## What needs to be done
A faithful copy of every entry is the goal; keep the images out of it.

## Supplied records
★ ★ ★ ★ ★ ★ ★

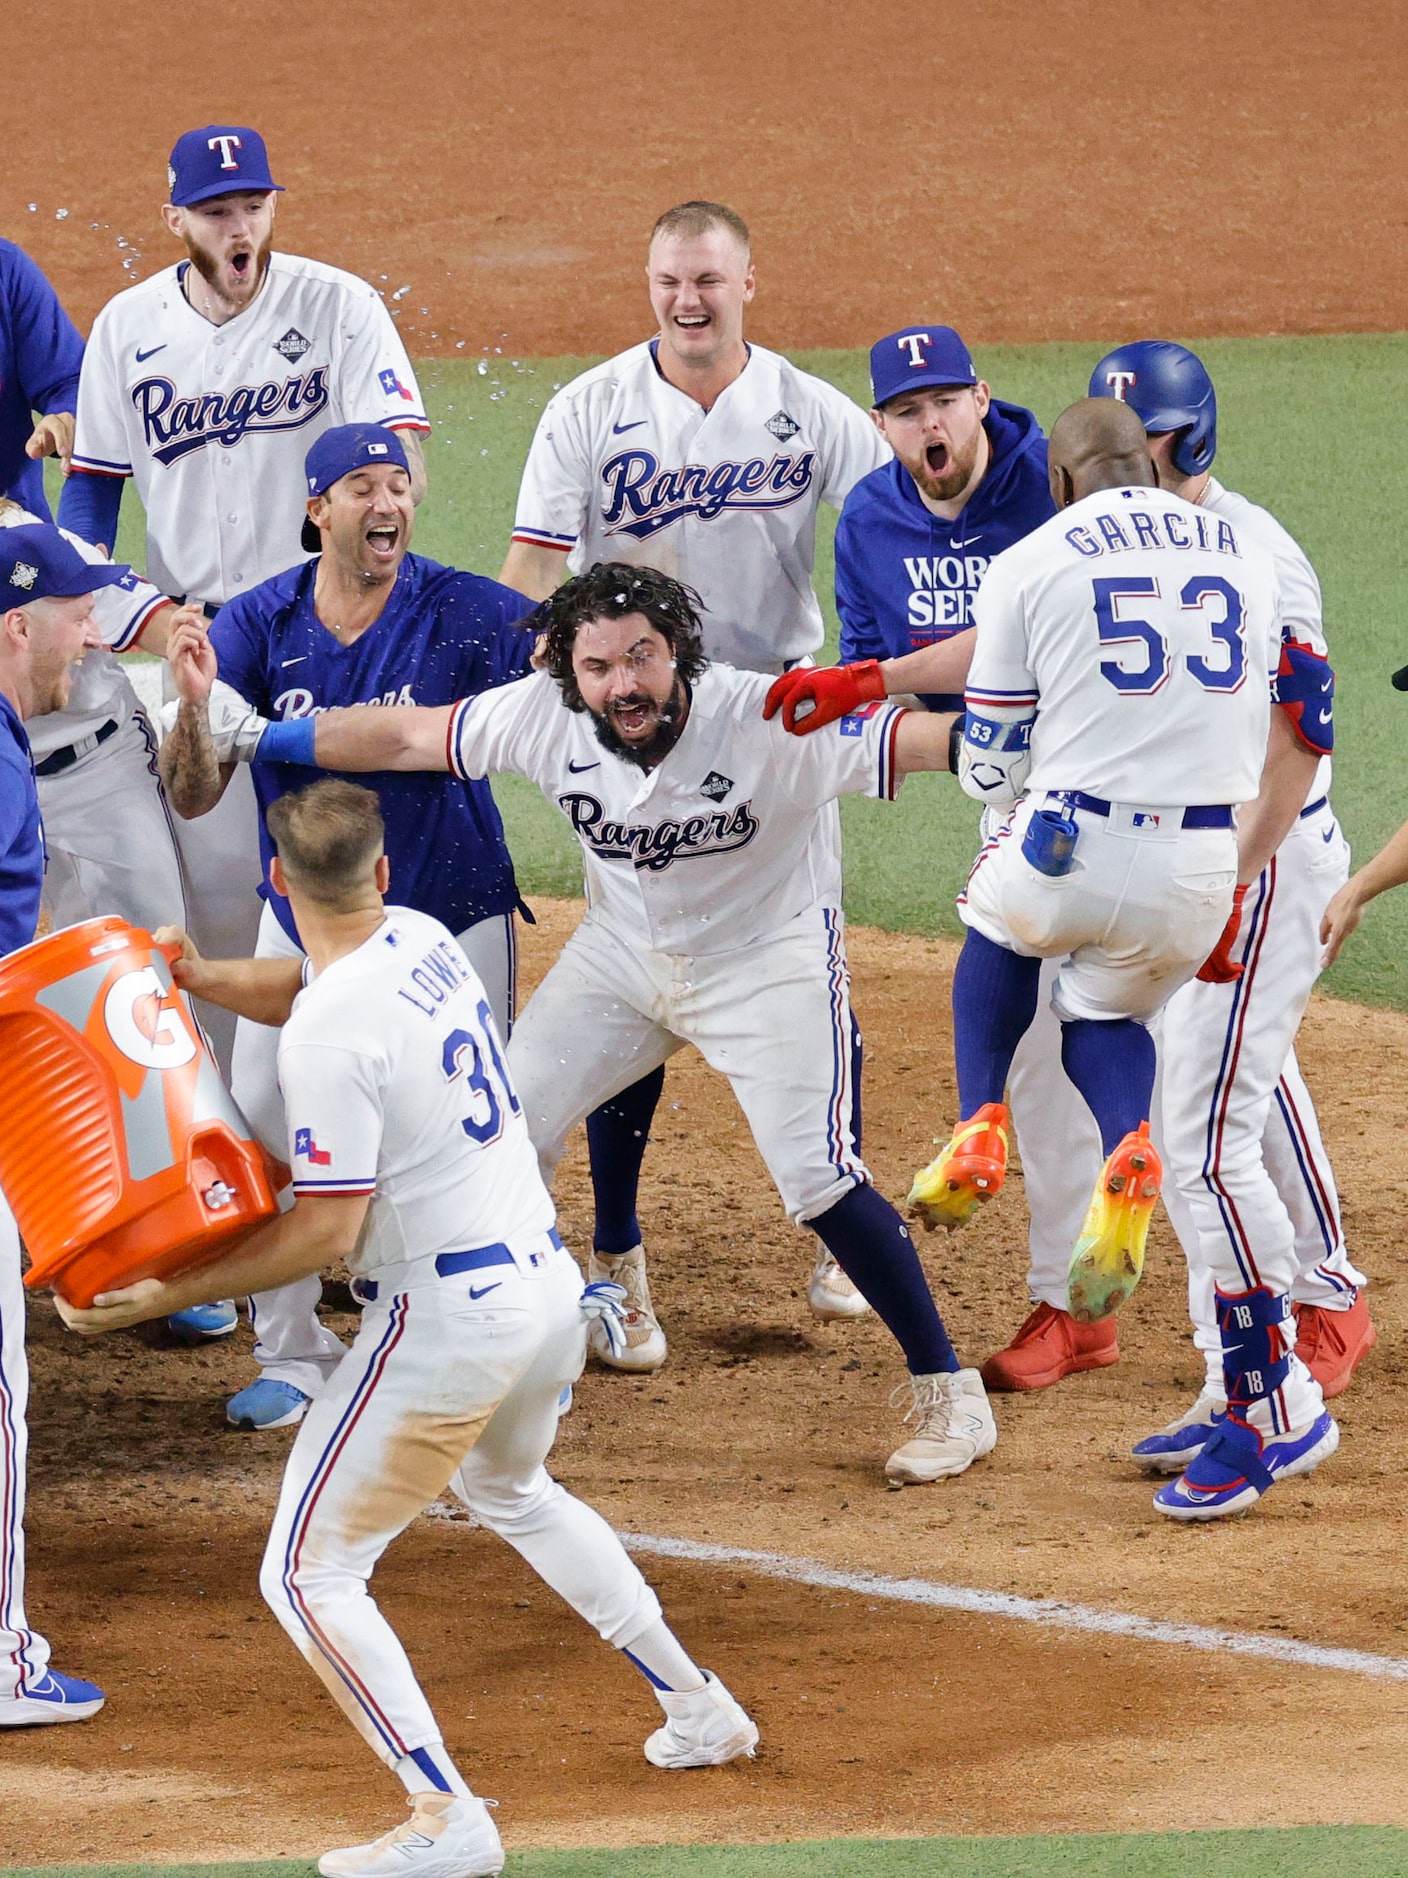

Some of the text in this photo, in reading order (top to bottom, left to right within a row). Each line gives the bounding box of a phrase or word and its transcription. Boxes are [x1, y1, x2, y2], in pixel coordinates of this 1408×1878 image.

[207, 135, 243, 170] T
[897, 333, 933, 368] T
[1107, 372, 1136, 403] T
[132, 365, 330, 469] Rangers
[600, 448, 816, 541] Rangers
[1065, 512, 1243, 559] GARCIA
[903, 555, 996, 590] WOR
[1092, 576, 1248, 695] 53
[969, 721, 992, 743] 53
[557, 799, 760, 873] Rangers
[398, 941, 470, 1021] LOWE
[104, 964, 197, 1070] G
[1233, 1305, 1253, 1329] 18
[1244, 1370, 1265, 1394] 18
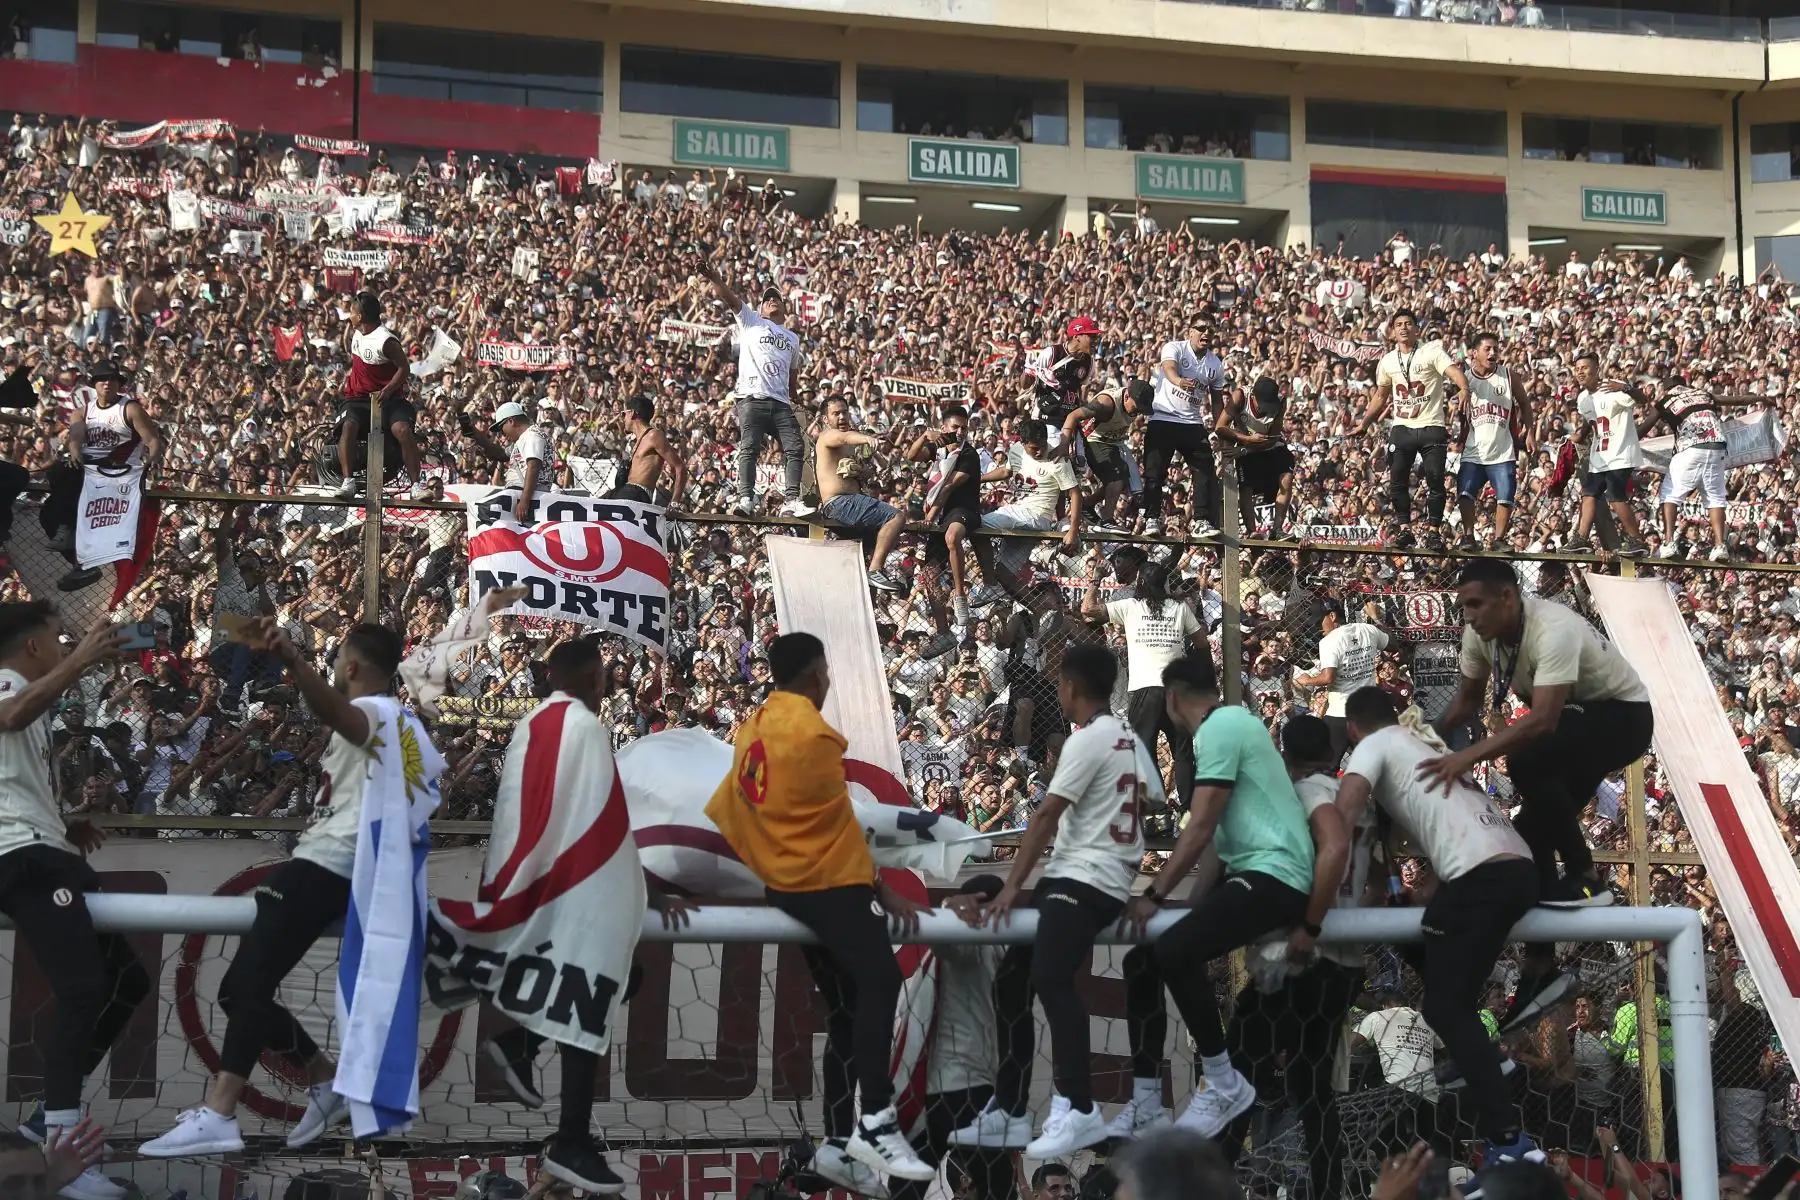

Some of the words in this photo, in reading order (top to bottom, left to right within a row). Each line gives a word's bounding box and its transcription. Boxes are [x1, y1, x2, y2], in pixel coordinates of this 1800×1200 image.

[687, 129, 778, 160] SALIDA
[920, 148, 1009, 178] SALIDA
[1148, 164, 1233, 193] SALIDA
[1591, 194, 1658, 218] SALIDA
[58, 221, 88, 240] 27
[800, 292, 817, 322] E
[480, 343, 505, 363] OASIS
[526, 347, 554, 365] NORTE
[1207, 366, 1216, 380] U
[543, 526, 605, 572] U
[474, 569, 666, 648] NORTE
[1109, 772, 1140, 845] 3

★ ★ ★ ★ ★ ★ ★

## Exercise solution
Some of the text in this photo, in reading order (top to bottom, left to right within a row). Each line gives the bounding box of a phrase or word and its transcription. Boxes are [x1, y1, x2, y2], in pixel coordinates of this 1408×1878 image.

[207, 135, 243, 170] T
[897, 333, 933, 368] T
[1107, 372, 1136, 403] T
[132, 365, 330, 469] Rangers
[600, 448, 816, 541] Rangers
[1065, 512, 1243, 559] GARCIA
[903, 555, 996, 590] WOR
[1092, 576, 1248, 695] 53
[969, 721, 992, 743] 53
[557, 799, 760, 873] Rangers
[398, 941, 470, 1021] LOWE
[104, 964, 197, 1070] G
[1233, 1305, 1253, 1329] 18
[1244, 1370, 1265, 1394] 18

Some of the words in this photo, in reading order (top to bottom, left to right within a row). Each line gives a word's bounding box and its transcription. Boxes are [x1, y1, x2, y2], in pixel coordinates of this 1800×1200 image.

[687, 129, 778, 160] SALIDA
[920, 148, 1009, 178] SALIDA
[1148, 164, 1233, 193] SALIDA
[1591, 194, 1658, 218] SALIDA
[58, 221, 88, 240] 27
[800, 292, 817, 322] E
[480, 343, 505, 363] OASIS
[526, 347, 554, 365] NORTE
[1207, 366, 1216, 380] U
[543, 526, 605, 572] U
[474, 569, 666, 648] NORTE
[1109, 772, 1140, 845] 3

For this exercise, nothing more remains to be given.